[Data extracted from a collection]
____
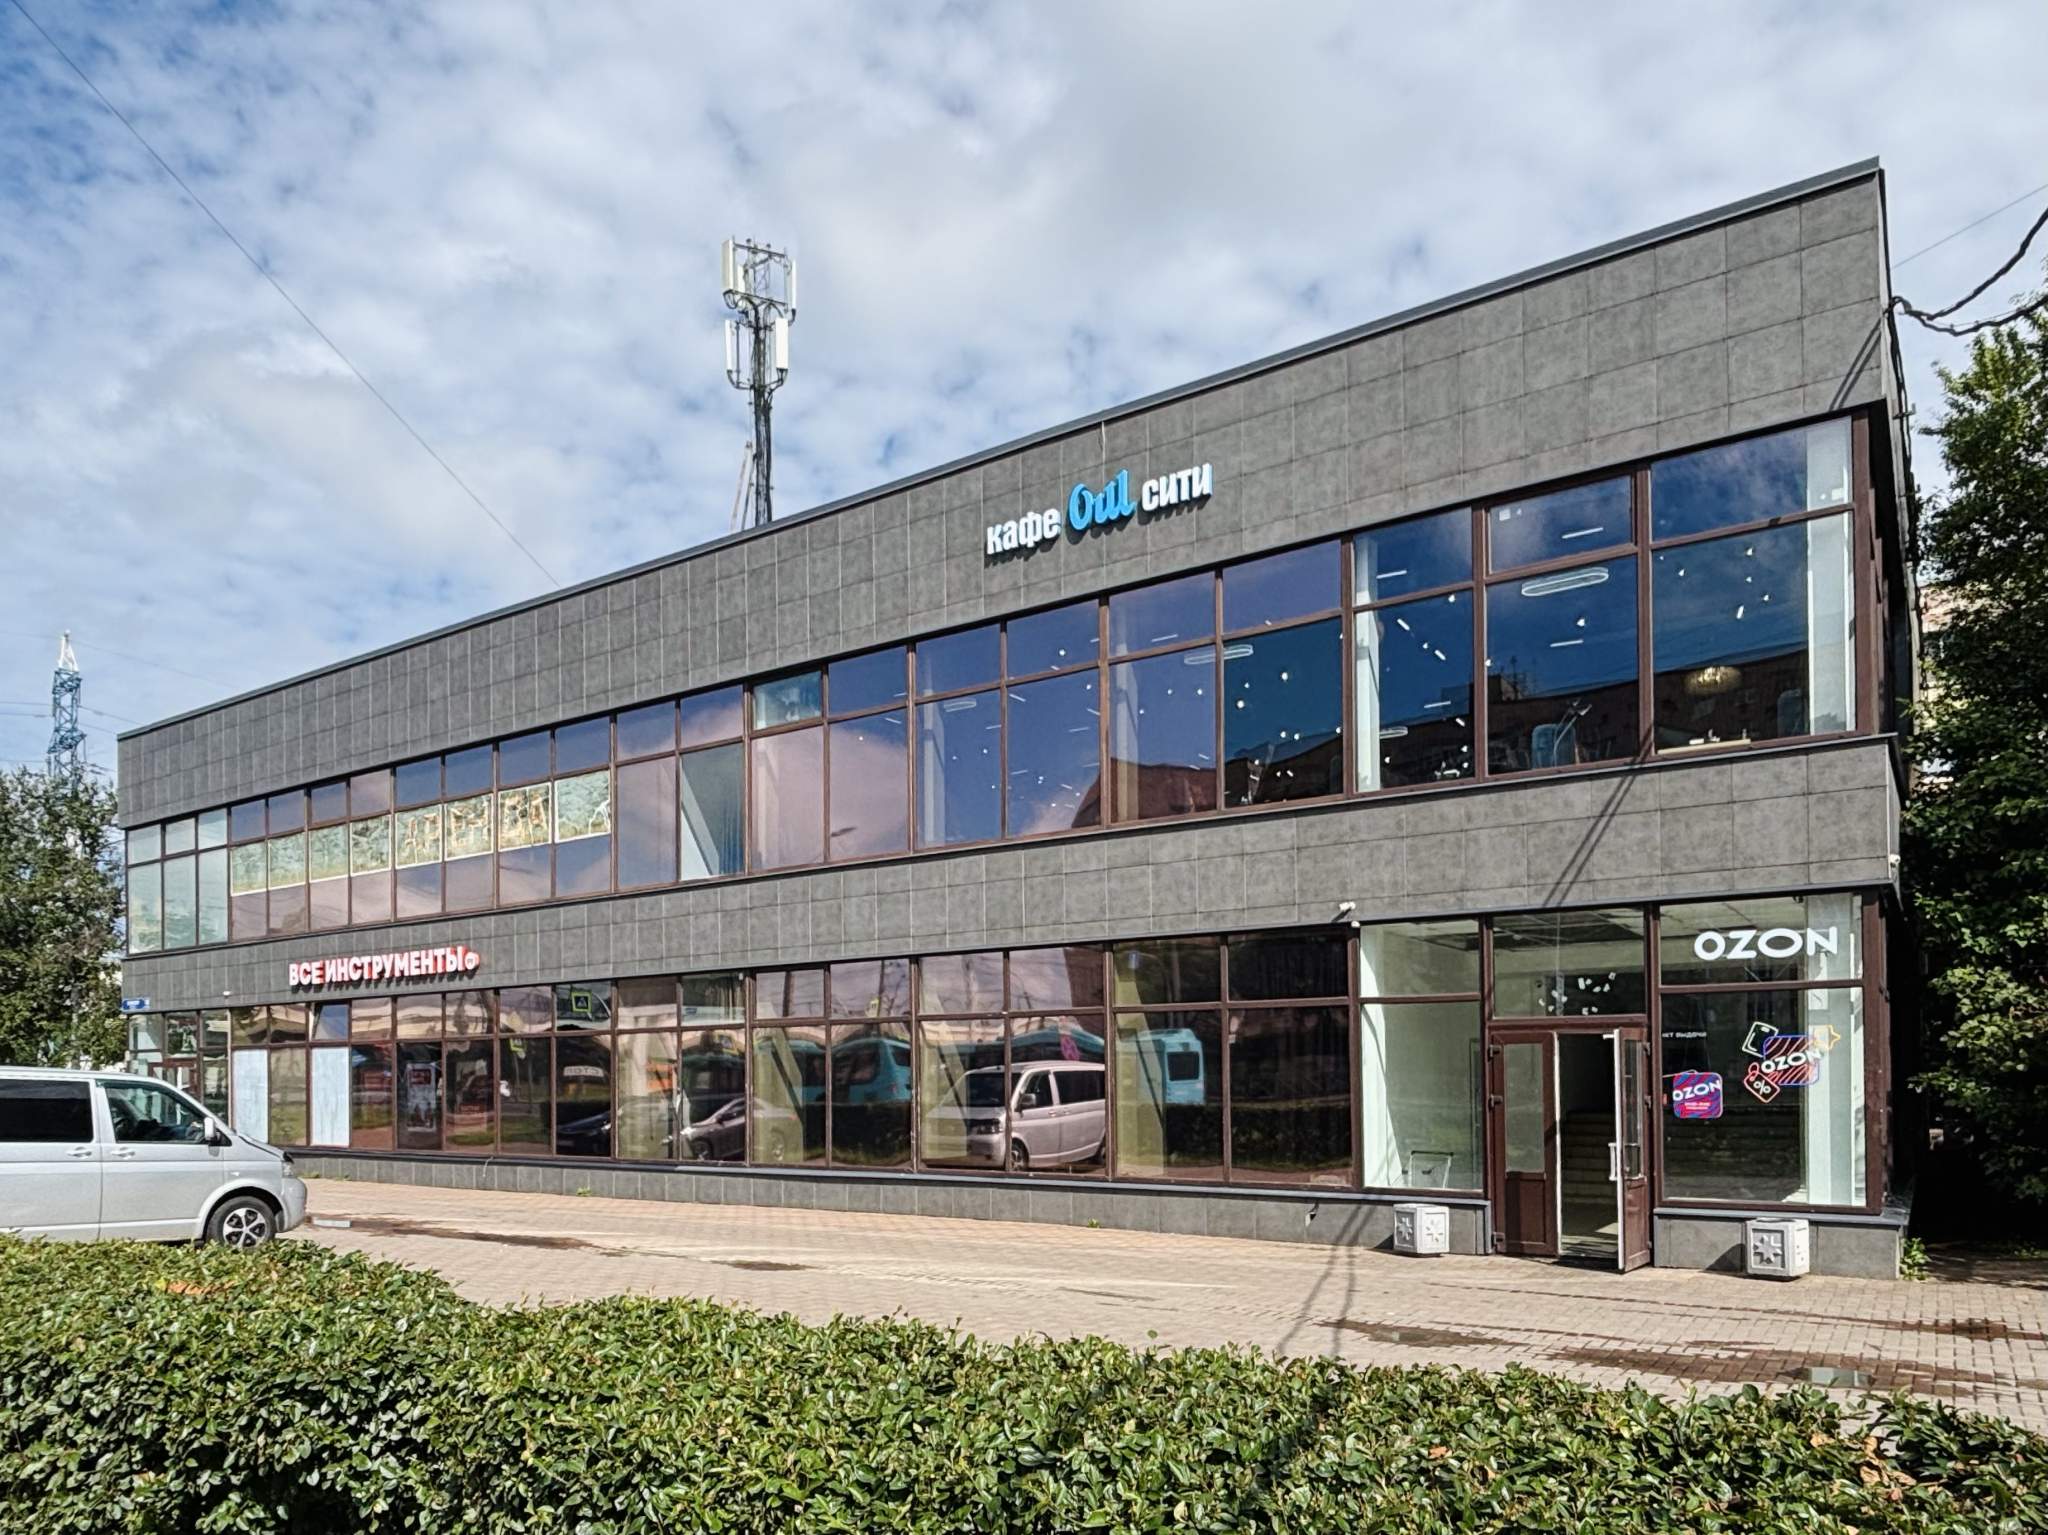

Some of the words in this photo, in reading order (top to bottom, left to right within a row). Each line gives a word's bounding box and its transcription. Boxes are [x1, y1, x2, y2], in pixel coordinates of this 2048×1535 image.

[986, 507, 1063, 555] кафе
[1141, 462, 1213, 512] сити
[1693, 926, 1838, 961] OZON
[324, 945, 468, 983] ИНСТРУМЕНТЫ
[1760, 1048, 1822, 1074] OZON
[1672, 1080, 1721, 1101] OZON
____
The task requires that every line above be transcribed exactly, without the images.

*Output of the task*:
Some of the words in this photo, in reading order (top to bottom, left to right within a row). Each line gives a word's bounding box and its transcription. Boxes are [x1, y1, x2, y2], in pixel coordinates of this 2048×1535 image.

[986, 507, 1063, 555] кафе
[1141, 462, 1213, 512] сити
[1693, 926, 1838, 961] OZON
[324, 945, 468, 983] ИНСТРУМЕНТЫ
[1760, 1048, 1822, 1074] OZON
[1672, 1080, 1721, 1101] OZON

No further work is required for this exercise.